### Try it
An exact copy of the listing below is the answer, with the pictures removed.
================================
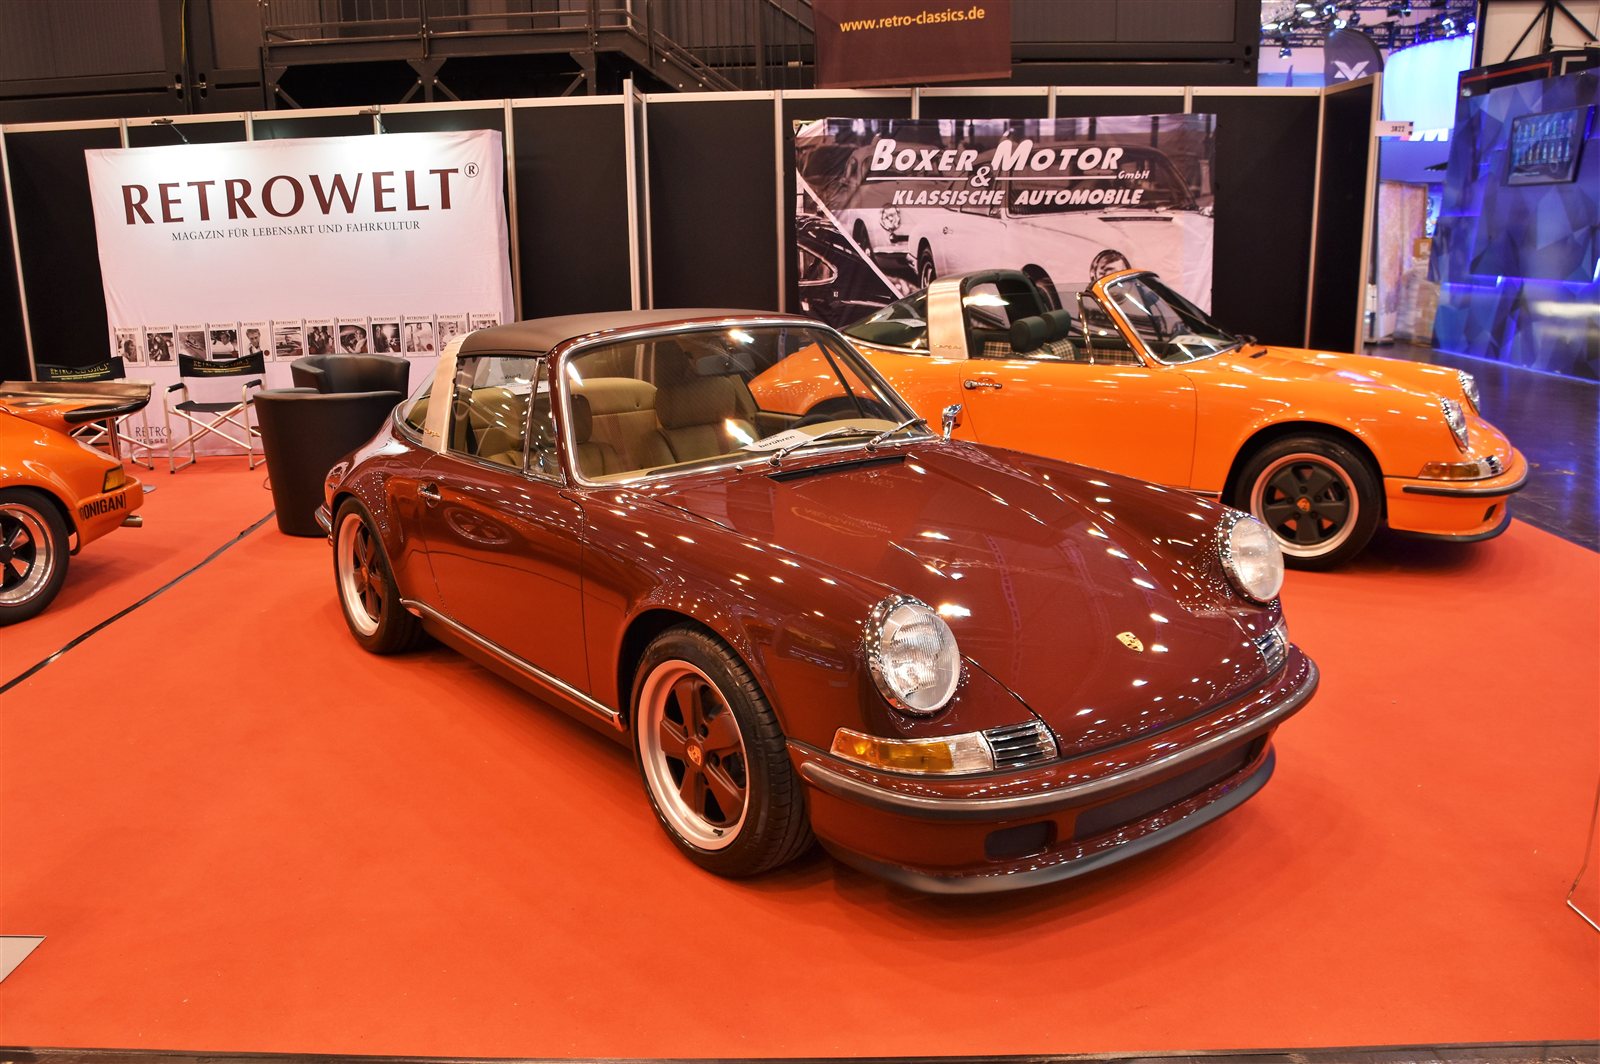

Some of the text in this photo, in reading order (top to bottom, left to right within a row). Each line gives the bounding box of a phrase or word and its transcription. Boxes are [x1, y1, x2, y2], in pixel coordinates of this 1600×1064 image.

[840, 6, 985, 32] www.retro-classics.de
[870, 138, 1150, 179] BOXER MOTOR GmbH
[970, 166, 991, 187] &
[892, 189, 1144, 205] KLASSISCHE AUTOMOBILE
[171, 220, 421, 241] MAGAZIN FÜR LEBENSART UND FAHRKULTUR
================================
### Result of the exercise
Some of the text in this photo, in reading order (top to bottom, left to right within a row). Each line gives the bounding box of a phrase or word and its transcription. Boxes are [x1, y1, x2, y2], in pixel coordinates of this 1600×1064 image.

[840, 6, 985, 32] www.retro-classics.de
[870, 138, 1150, 179] BOXER MOTOR GmbH
[970, 166, 991, 187] &
[892, 189, 1144, 205] KLASSISCHE AUTOMOBILE
[171, 220, 421, 241] MAGAZIN FÜR LEBENSART UND FAHRKULTUR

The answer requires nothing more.